RAMAN NAYAR, J. -
(1.) THE question before us is whether, under the Marumak -kathayam law, a subsequently conceived child gets a right by birth in the property obtained by its mother for her separate share in the partition of her tarwad, thus reducing her theretofore absolute powers of disposition to those of a joint family manager. In other words, whether, after such individual partition as it has been called, the property in the mother's hands continues to retain its character as tarwad property or becomes her individual property (I here use the expression, "tarwad property" not as meaning property still belonging to the tarwad but as meaning property with the incidents of tarwad property - - of. Section 38(2) of the Madras Marumakkathayam Act, 1932 before amendment by (Kerala) Act 26 of 1958 - -and the expression, "individual property" to mean property bereft of these incidents and having instead the incidents of self -acquired property.) The expression, "separate property" within the meaning of Chapter IV of the Madras Marumakkathayam Act and of Chapters IV and V of the Travancore Nayar Act, 1100 seems to me wide enough to include "tarwad property" owned by one person in which no one else has got a share, and that is why I am using the expression, "individual property". This question was answered in the affirmative by a full bench of the Travancore -Cochin High Court in Parameswaran Pillai v. Ramakrishna Pillai, 1954 Ker LT 862= (AIR 1955 Trav -co 55) (FB), and in the negative by a full bench of this Court in Kalliyani Amma Bhavani Am -ma v.
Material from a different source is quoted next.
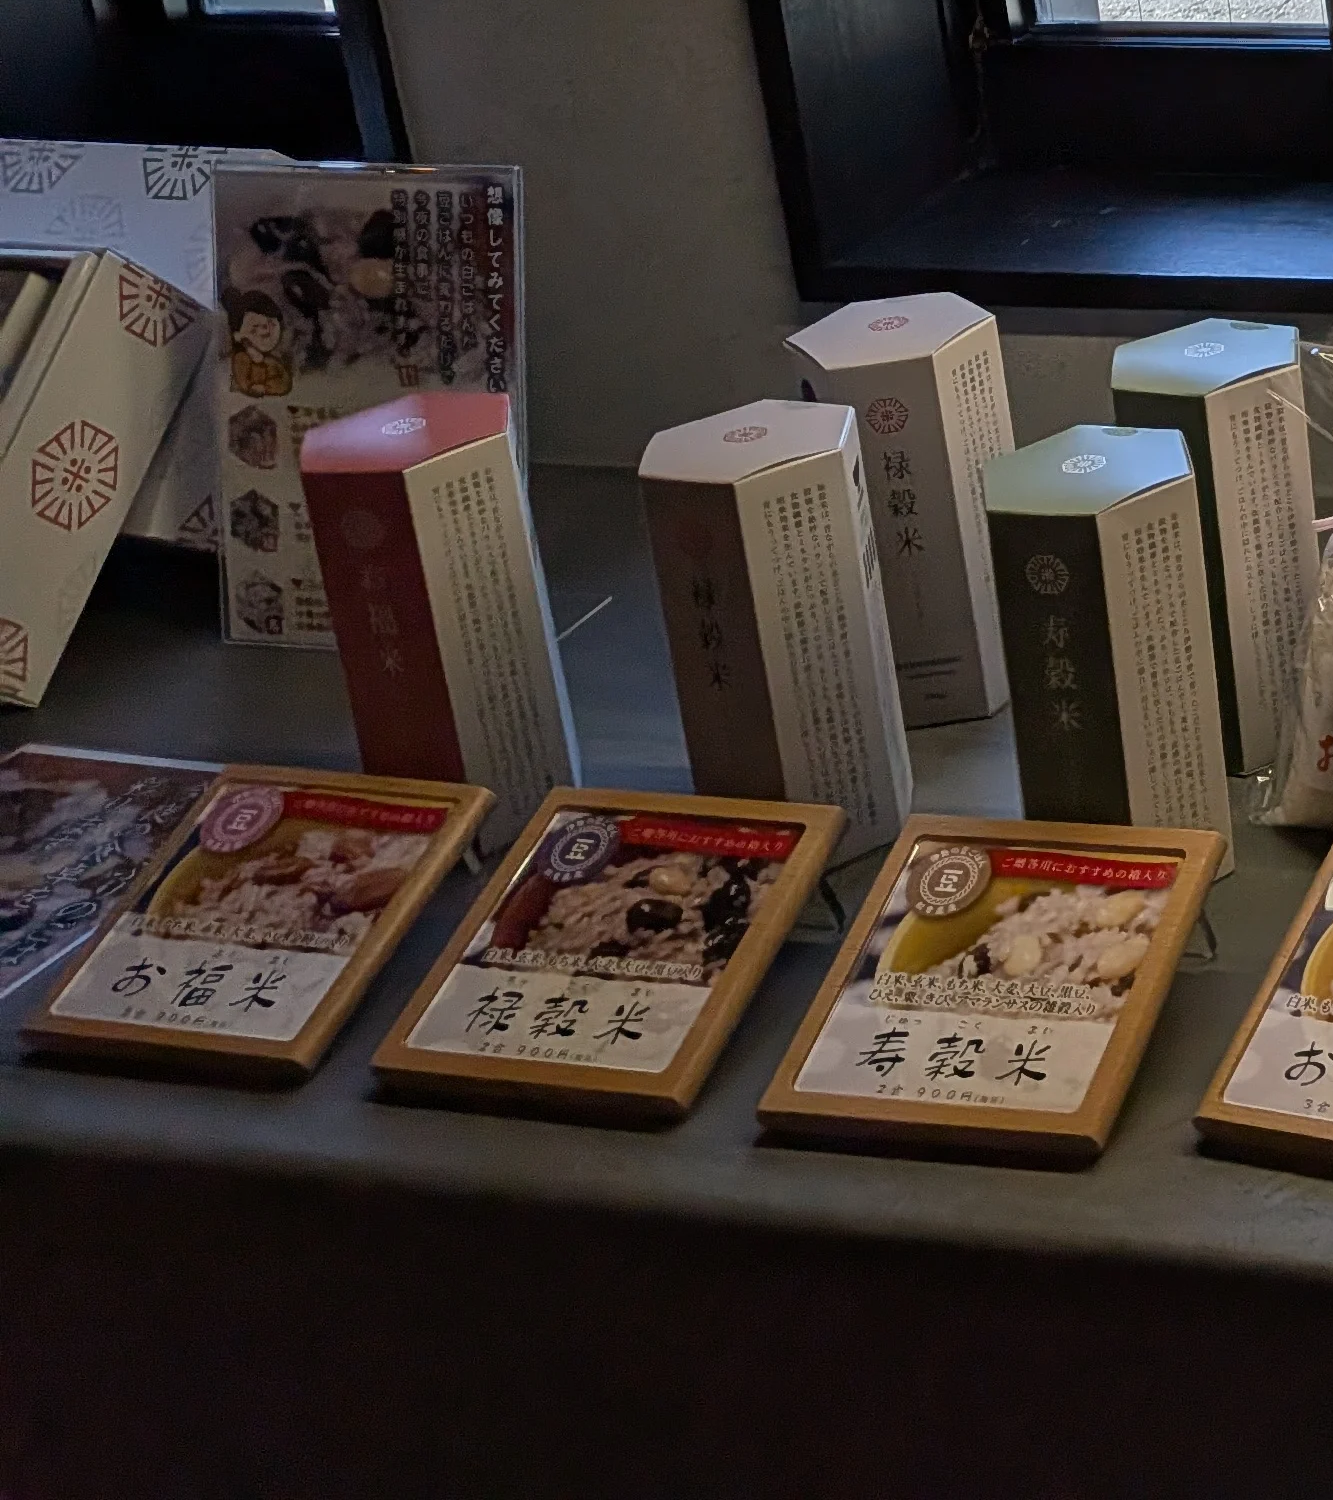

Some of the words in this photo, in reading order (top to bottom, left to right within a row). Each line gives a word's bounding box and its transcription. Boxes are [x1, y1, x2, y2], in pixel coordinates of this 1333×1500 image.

Narayani Amma Madhavi Amma 1963 Ker LT 859 -(AIR 1963 Ker 358) (FB), in both cases by a majority of two to one. The correctness of the latter decision has been questioned and that is why the question is before us once again.
(2.) I think that the answer given by the earlier full bench is the right answer, and, but for the gentle rebuke administered by Velu Pillai J, in the later full bench case - -see paragraph 10 of the report - - I might have been tempted to express myself as emphatically as S. Govinda Menon J. did in Naniamma Janakiamma v. Chandy Varghese 1949 Ker LT 21. A Marumakkathayam tarwad like a, Mitakshara coparcenary is a fluctuating body of persons (whether corporate or not we need not stop to consider) forming a joint family with community of property. (See the definition of "tarwad" in Section 3(1) of the Madras Marumakkathayam Act in Section 2(6) of the Travancore Nayar Act, 1100 and in section 3 of the Cochin Nayar Act, 1113 as also in the several other Marumak -kattayam law statutes. Community of inter -rest, unity of possession, right by birth and survivorship are incidents of joint family property whether of a Marumakkat -tayam tarwad or a Mitakshara coparcenary but the existence of such property is no more necessary to constitute a tarwad than it is to constitute a coparcenary, although, where persons live together it is difficult to conceive of their possessing no joint property whatsoever. Indeed, until a division takes place, a female and all her descendants in the female line constitute a Marumakkathayam tarwad whether they own property in common or not) Admission to this body is, by birth (or adoption) into the family, in the female line in the case of a tarwad, and in the male line in the case of a coparcenary, and membership thereof determines with death. Every member is a co -proprietor, with the result, of the joint family property and gets this right on birth. And, on the cessation of his membership on death, his interest lapses, or, as it is commonly put, passes by survivorship, to the remaining members. Thus, the property of the tarwad or coparcenary belongs to its members for the time being and it is property which, so long as it is not transferred and remains with the joint family, is to enure for the benefit not merely of the members in existence at a given time but also of the members to be admitted in the future.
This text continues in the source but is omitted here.